*Task to complete*
The records that follow are to be repeated exactly, with no pictures carried over.
BEGIN Source records
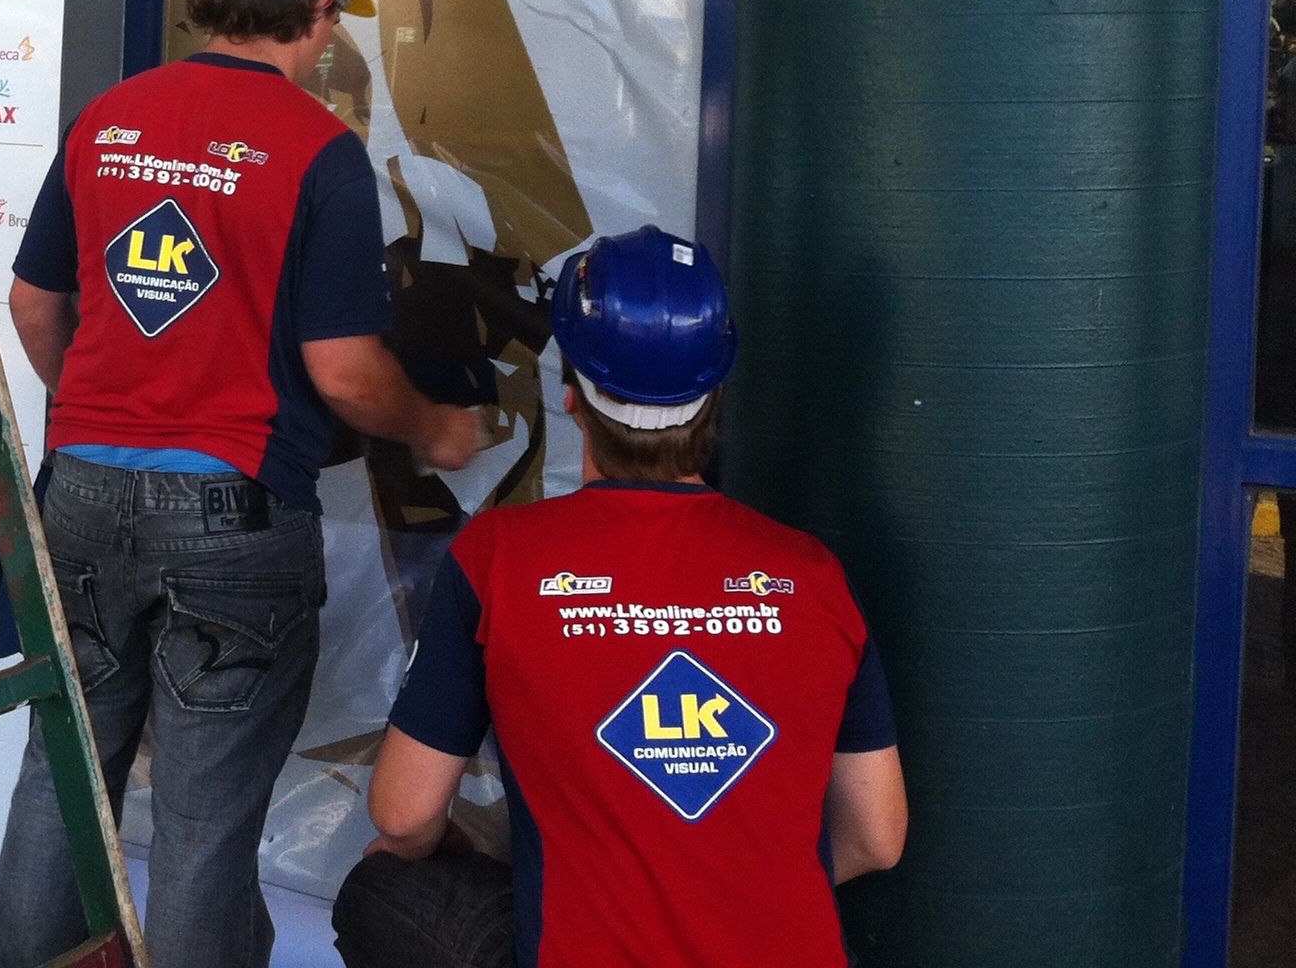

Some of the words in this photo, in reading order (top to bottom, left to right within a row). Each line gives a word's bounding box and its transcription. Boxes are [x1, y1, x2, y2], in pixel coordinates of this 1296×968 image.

[8, 214, 29, 228] Bra
[127, 230, 195, 274] LK
[116, 273, 200, 292] COMUNICAÇÃO
[136, 288, 177, 302] VISUAL
[723, 572, 795, 595] LOKAR
[559, 603, 780, 620] www.LKonline.com.br
[562, 622, 606, 638] (51)
[613, 619, 783, 635] 3592-0000
[642, 693, 731, 739] LK
[633, 743, 748, 760] COMUNICAÇÃO
[664, 762, 719, 774] VISUAL
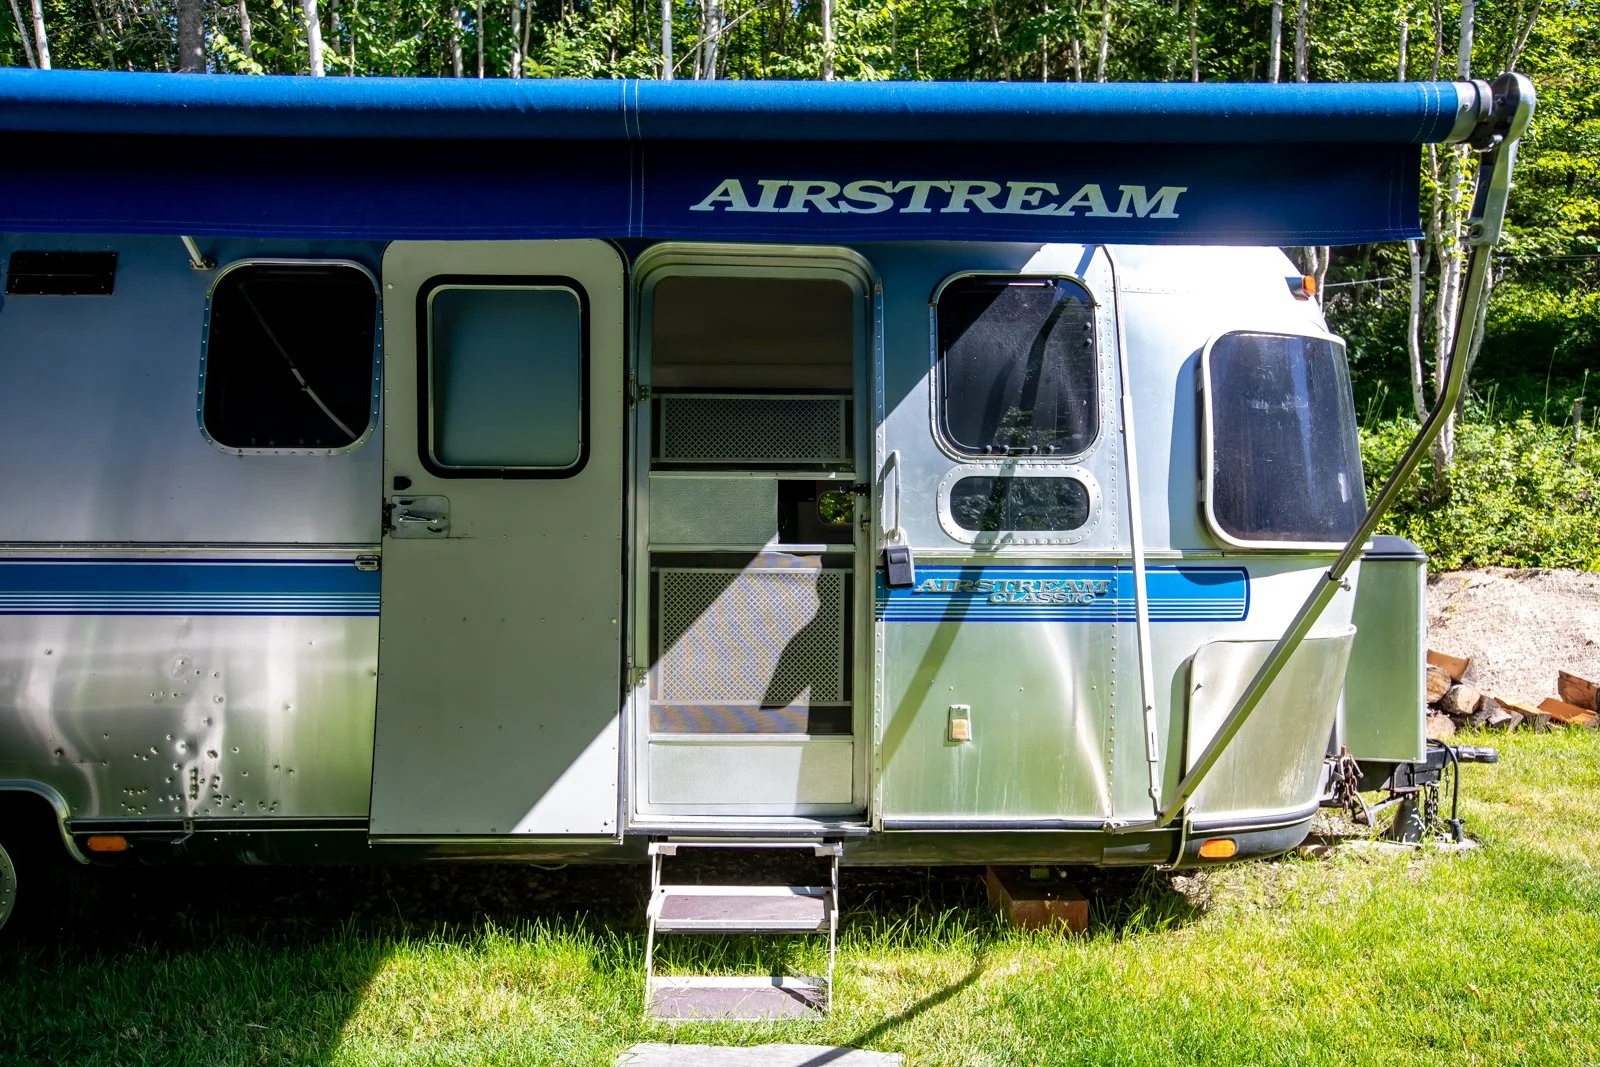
END Source records
*Reply to the task*
Some of the words in this photo, in reading order (top to bottom, left to right within a row). Each line gives a word's bounding box and its transcription. Boxes are [x1, y1, x2, y2], in pixel coordinates of this 1296×968 image.

[8, 214, 29, 228] Bra
[127, 230, 195, 274] LK
[116, 273, 200, 292] COMUNICAÇÃO
[136, 288, 177, 302] VISUAL
[723, 572, 795, 595] LOKAR
[559, 603, 780, 620] www.LKonline.com.br
[562, 622, 606, 638] (51)
[613, 619, 783, 635] 3592-0000
[642, 693, 731, 739] LK
[633, 743, 748, 760] COMUNICAÇÃO
[664, 762, 719, 774] VISUAL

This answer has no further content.